In the second quarter of 2024, sales for the company increased by 2% due to high demand and improved pricing. EBITDA also increased compared to the same quarter in 2023, but there were additional costs related to the separation of Atmus. North American revenues grew by 4%, driven by strong demand in core markets. Production of heavy-duty trucks and engines also increased, while medium-duty truck sales outpaced market growth. Power generation revenues in North America increased by 23%, contributing to record sales and profitability in the Power Systems segment. International revenues decreased by 2%, with weaker domestic volumes in China partially offset by higher data center demand.

The demand for trucks in China remains low, but is offset by higher orders for natural gas engines and strong exports. In the light-duty market, there was a 4% increase in units sold. Excavator demand also increased by 4%, with a 19% increase in units sold. Power generation equipment sales in China saw a 36% increase, driven by demand in data centers. In India, truck production increased by 11%, but Cummins' shipments only increased by 5%. Power generation revenues decreased by 17% due to pre-buy demand in 2023. For 2024, Cummins has raised its revenue guidance to down 3% to flat and increased its EBITDA guide to 15% to 15.5%. The company expects higher revenue in its Engine, Power Systems, and Distribution segments, but slightly lower revenue for the Accelera business.

The company expects stronger profitability in the Engine and Power Systems segments, driven by an increase in heavy-duty truck demand in North America and a rise in medium-duty truck sales. They also project an increase in revenue in China and India, driven by strong demand in power generation and on-highway sectors. However, global construction demand is expected to remain flat or decrease slightly. The company has raised their guidance for the global power generation market and aftermarket sales, but mining engine sales are expected to remain consistent.

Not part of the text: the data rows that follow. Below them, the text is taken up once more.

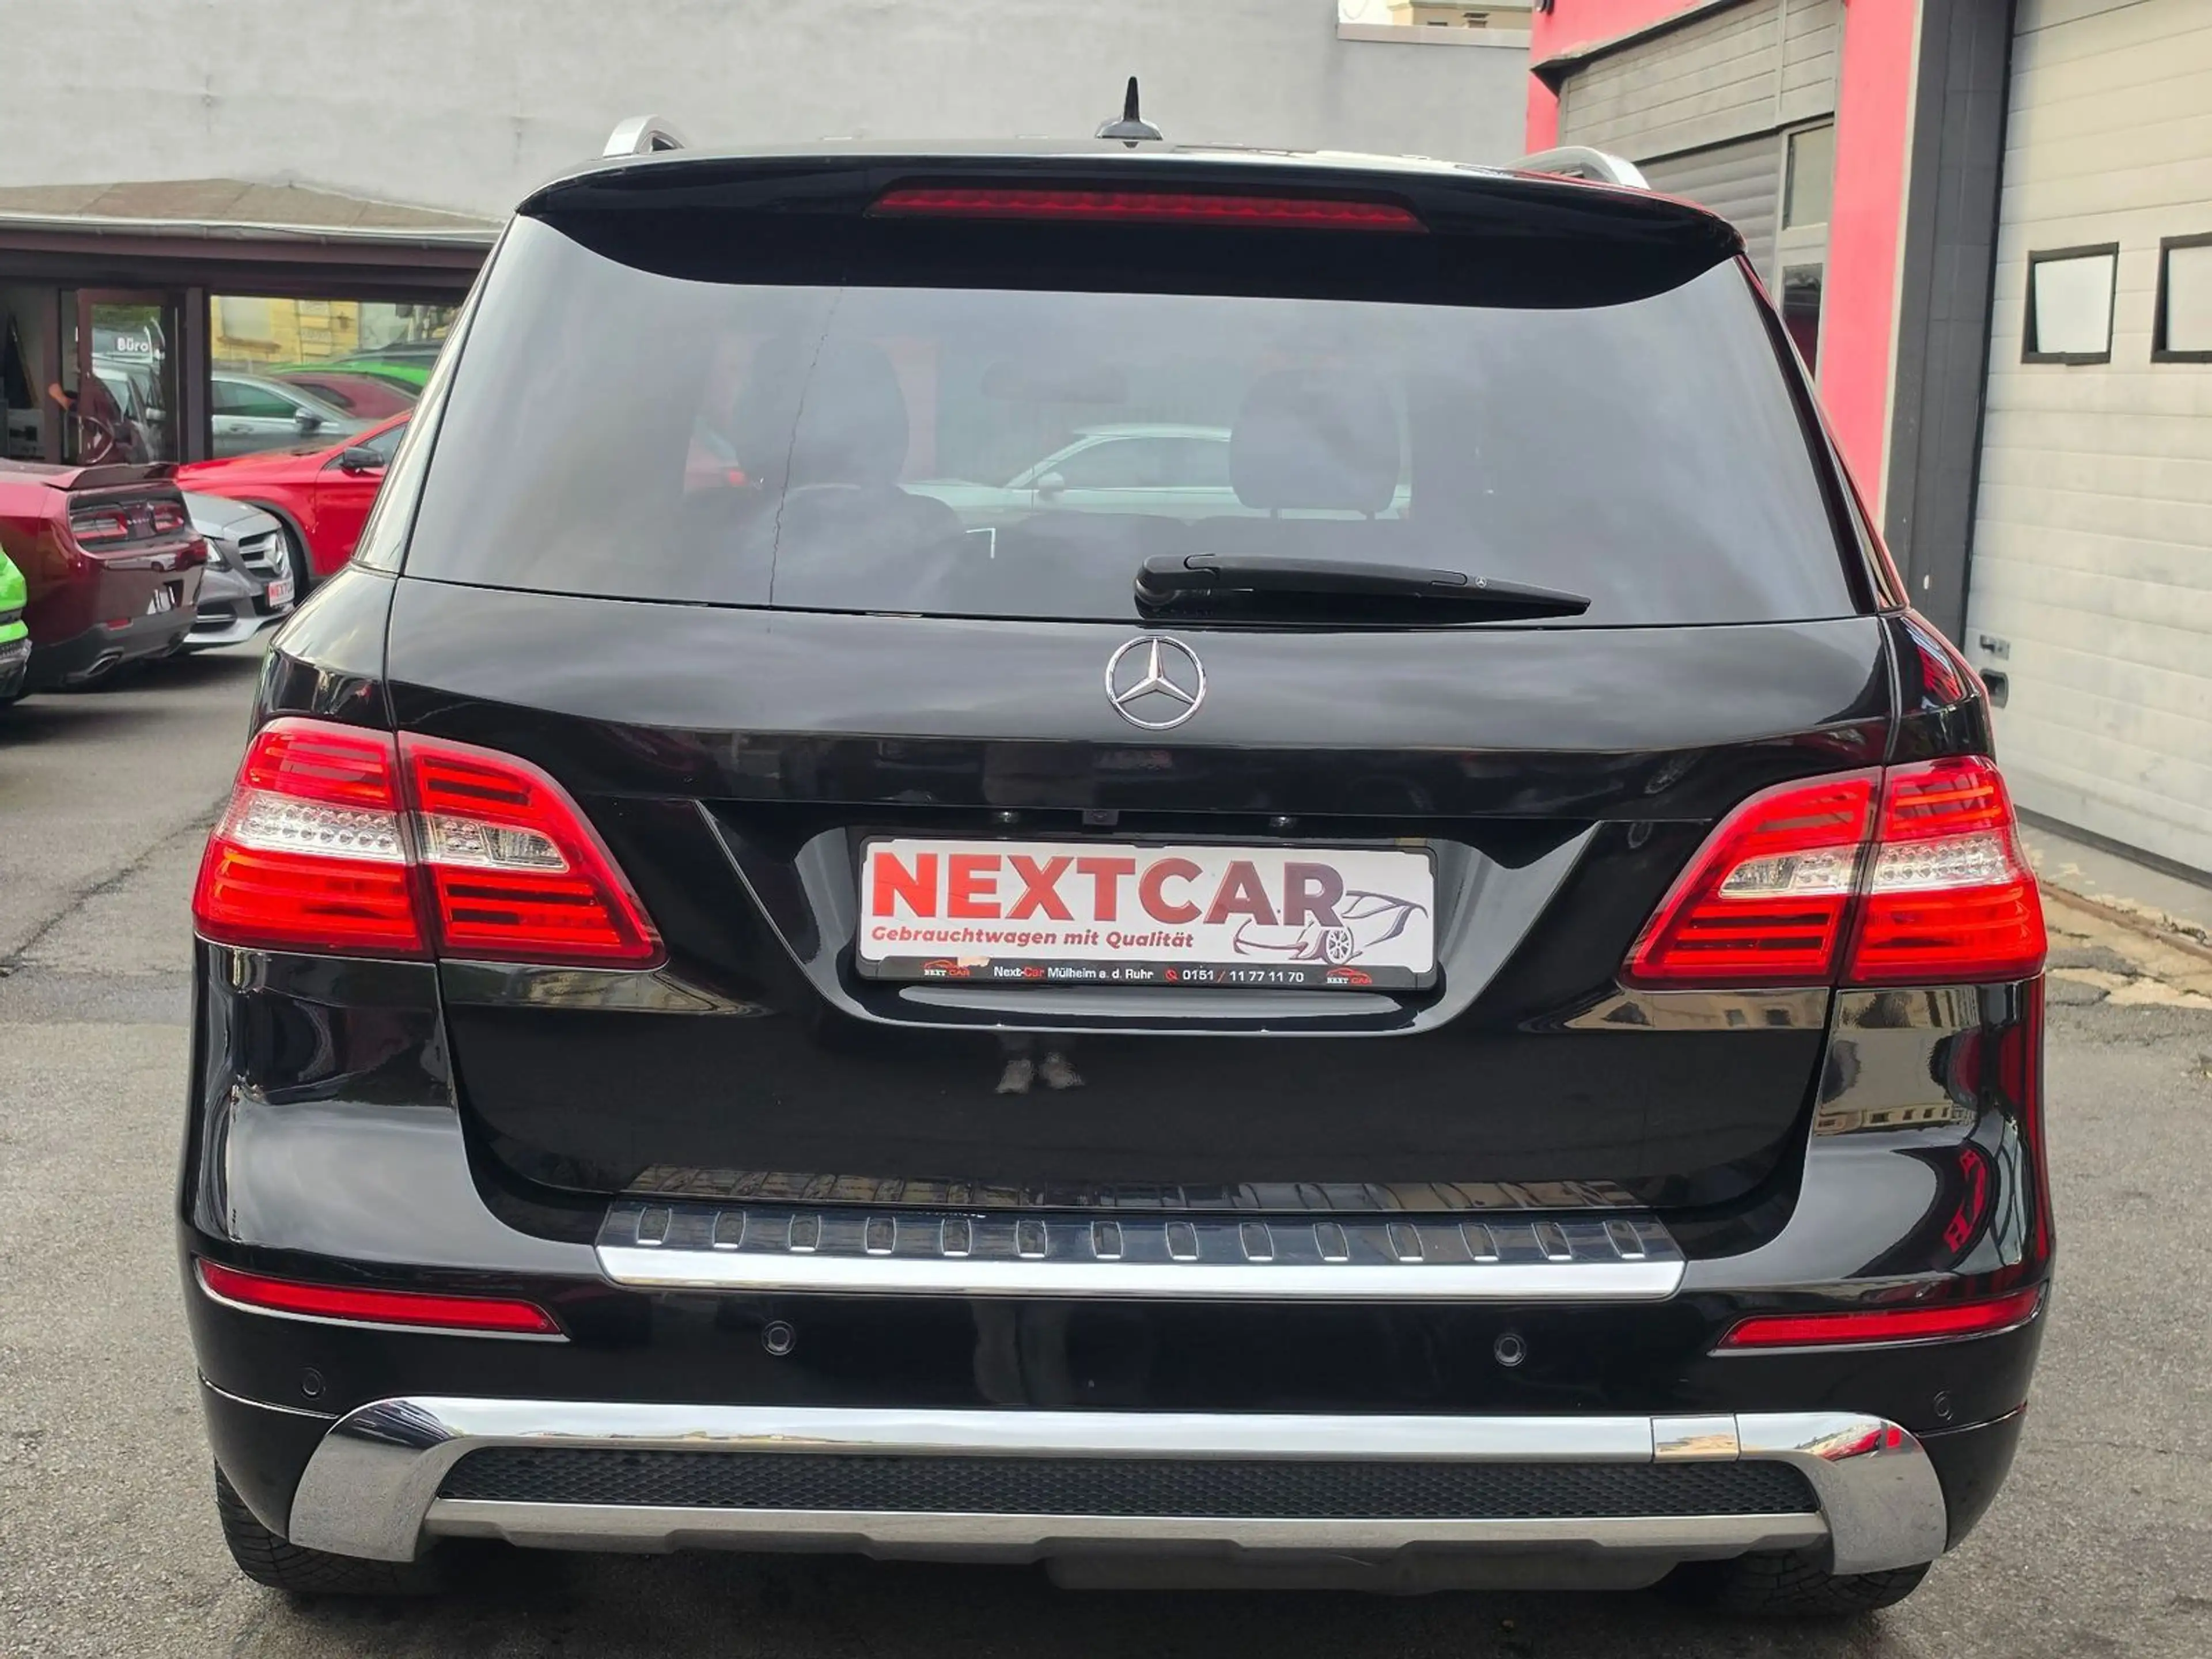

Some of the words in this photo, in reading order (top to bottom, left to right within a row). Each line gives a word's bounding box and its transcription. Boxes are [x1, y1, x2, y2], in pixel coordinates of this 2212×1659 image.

[117, 336, 149, 353] Büro
[872, 853, 1343, 926] NEXTCAR
[871, 926, 1056, 946] Gebrauchtwagen
[1063, 929, 1099, 945] mit
[1106, 931, 1194, 949] Qualität
[994, 966, 1045, 976] Next-Car
[1048, 967, 1096, 978] Mülheim
[1099, 970, 1109, 978] a.
[1112, 969, 1122, 979] d.
[1126, 969, 1154, 979] Ruhr
[1183, 969, 1213, 980] 0151
[1230, 971, 1244, 982] 11
[1248, 972, 1265, 982] 77
[1268, 972, 1283, 982] 11
[1288, 972, 1304, 982] 70

Accelera expects a reduction in full year sales due to a slower energy transition, but is still raising its guidance for sales and EBITDA. Cummins is well-positioned to continue investing in growth and returning cash to shareholders. The company had a strong performance in the first half of the year, driven by record demand in core markets and new partnerships. The company is dedicated to delivering financial performance, investing in future growth, and returning cash to shareholders while also working towards sustainable solutions for decarbonization.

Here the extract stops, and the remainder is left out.